The story revolves around one Nomi Malone (Saved by the Bell star Elizabeth Berkley, acting as hard as she possibly can) , a tightly-wound spazz prone to kicking inanimate objects and shoving people. Despite her obvious psychosis, she manages to charm everyone who she collides with, including an Elvis-y truck driver who she hitches with to Vegas and a showgirl-revue seamstress named Molly (Gina Ravera), who lets her move in with her in her tiny trailer on the edge of town.


You may ask yourself why someone with a job that probably pays $70,000 a year is living in a trailer, or why she would take a stray like Nomi in - who, incidentally, puked on her the moment they met - but that's the magic of Showgirls. Much like the city it takes place in, the normal laws of physics, gravity, and common sense mean nothing in Showgirls. It exists in its very own reality, a delightfully screwy world where everybody's naked all the time, where women speak of nothing except food and their own breasts, and where men live only to manipulate and humiliate topless dancers. I know, that sounds like an awful place, but really, it's awesome.

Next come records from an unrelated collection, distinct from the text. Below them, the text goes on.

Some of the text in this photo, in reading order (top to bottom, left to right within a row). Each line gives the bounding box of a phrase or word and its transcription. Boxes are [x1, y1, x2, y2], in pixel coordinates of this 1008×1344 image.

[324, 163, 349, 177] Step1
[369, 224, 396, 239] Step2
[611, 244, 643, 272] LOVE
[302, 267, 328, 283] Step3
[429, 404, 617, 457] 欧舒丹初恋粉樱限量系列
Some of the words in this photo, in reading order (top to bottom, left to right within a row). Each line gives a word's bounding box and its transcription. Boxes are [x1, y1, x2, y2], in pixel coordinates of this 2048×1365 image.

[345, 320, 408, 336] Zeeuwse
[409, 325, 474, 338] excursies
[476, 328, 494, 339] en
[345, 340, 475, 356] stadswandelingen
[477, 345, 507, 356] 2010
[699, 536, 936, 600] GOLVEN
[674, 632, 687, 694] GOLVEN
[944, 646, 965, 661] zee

Nomi gets a job at a sleazeball strip club called Cheetahs. Eventually Cristal (Gina Gershon), the star of a topless show at the Riveria called Goddess, and her cad of a boyfriend Zack (Kyle MacLachlan) - the entertainment director of the Riveria - get wind of this dramatic new talent, and recruit her for their show. As Nomi's ambition knows no bounds, she kicks and claws her way from background dancer to star in no time flat, and goes head to head with Cristal in the dance-fight to end all dance-fights.


That, of course, is the short version. There's a ton of crazy bullshit that happens along the way. This is really a seeing-is-believing sort of film, so mere descriptions of the non-stop outrage and excess would not do it justice. I mean, this movie has naked girls and monkeys - in the same scene. It's fuckin' bananas.

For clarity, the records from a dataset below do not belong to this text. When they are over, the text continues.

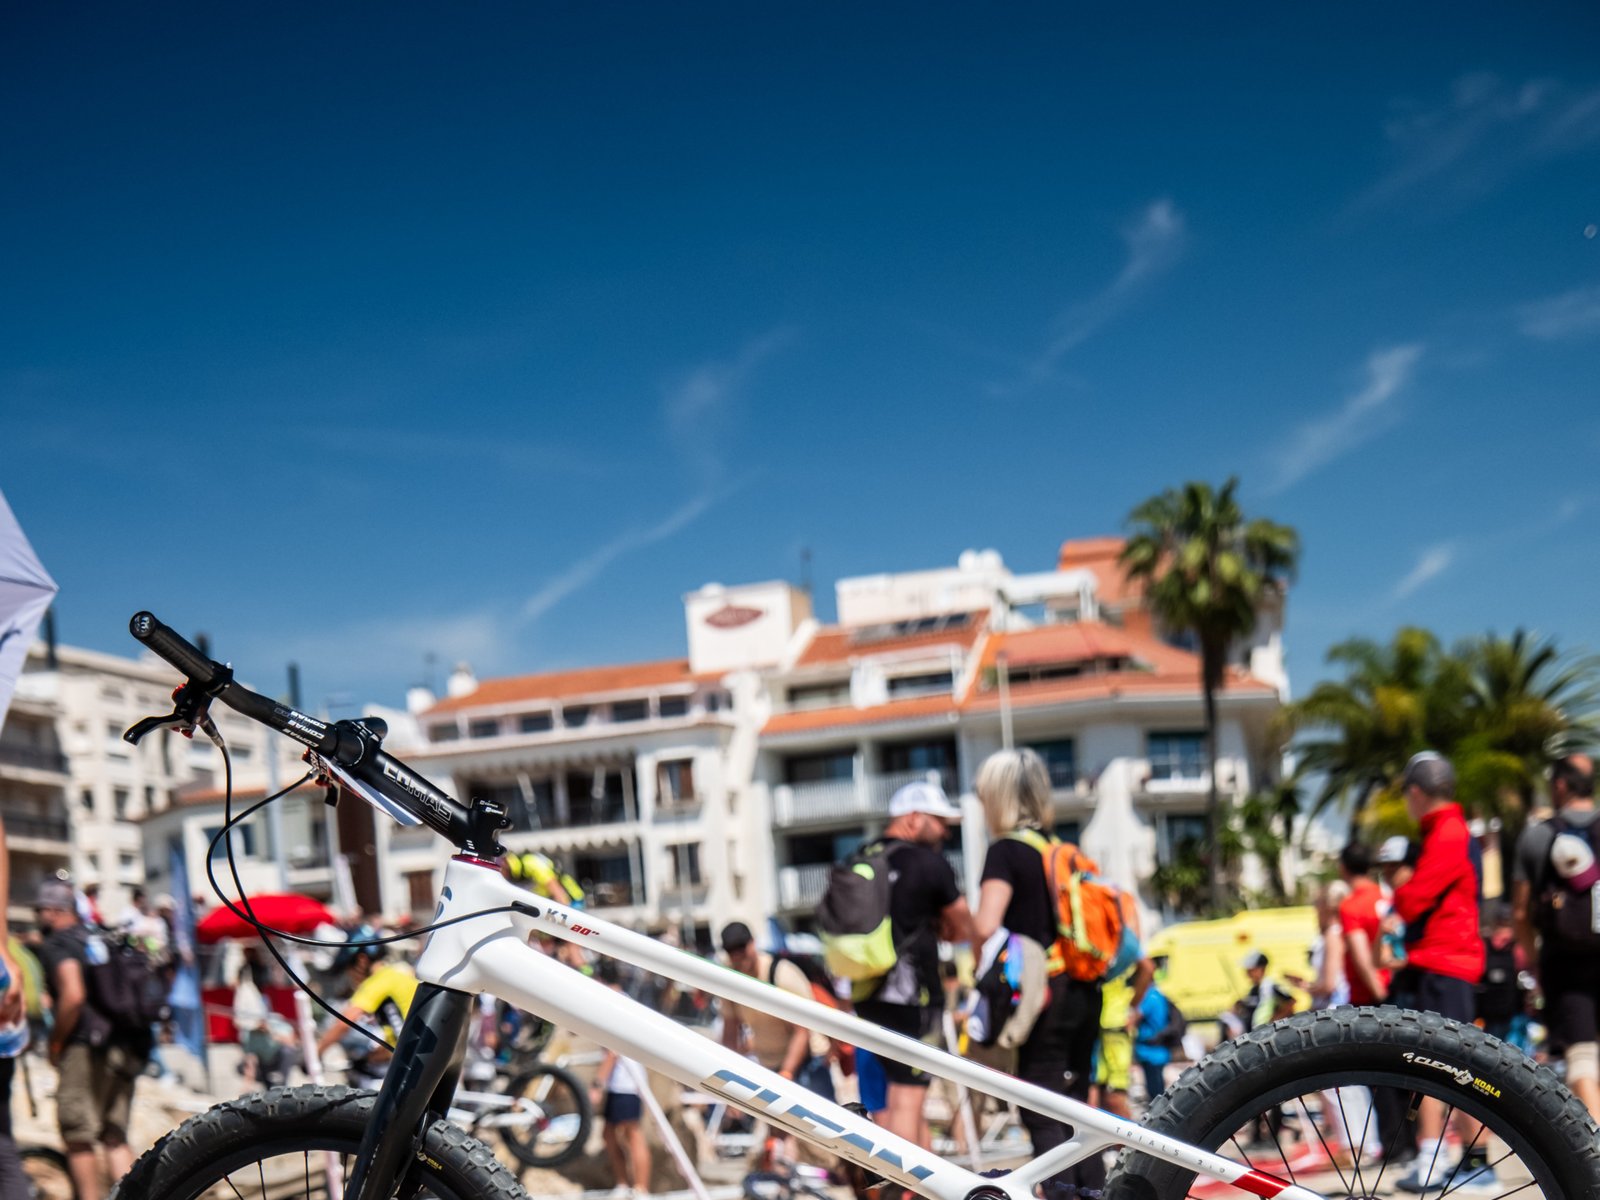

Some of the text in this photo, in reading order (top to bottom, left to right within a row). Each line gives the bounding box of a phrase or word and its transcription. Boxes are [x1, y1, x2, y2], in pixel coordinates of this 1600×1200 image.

[287, 719, 325, 740] COMAS
[290, 710, 328, 730] COMAS
[383, 761, 453, 821] COMAS
[544, 908, 568, 927] K1
[1413, 1055, 1464, 1078] CLEAN
[1473, 1077, 1502, 1098] KOALA
[1115, 1127, 1180, 1157] TRIALS

In summation: A fizzing, career-killing bomb upon its release, over the years Showgirls has been embraced by snarky critics and irony-buffs as a delightfully campy disaster. In fact, it is difficult to find a review anywhere that doesn't, at some point, called Showgirls an aggressively bad film, even while praising its many charms. I do not agree with this assessment. Showgirls is not a bad film, Showgirls is a towering, swaggering epic of tits and screaming, a life-gulping orgy of psychotic behavior, pneumatic fucking, and weird, heavy metal death-fantasy dance sequences. It is a Hollywood cocaine seizure of the highest order. How could a movie possibly be bad when it does not have any boring parts? Showgirls is all id, all snapping jaws and iced-up nipples, and Berkley and Gershon are tremendous and legendary rivals. It is virtually impossible to figure out where their characters end and they begin, or vice-versa - their whole relationship, in the film and on the set, seems fueled by mutual loathing. Also, there are scenes in this film that you will never, ever get out of your head once you've seen them. Nomi's epileptic pool-fuck will probably flash through your head in your final moments. For all these reasons and so many more - Versace! - Showgirls should be lauded for what it really is - a demented masterpiece.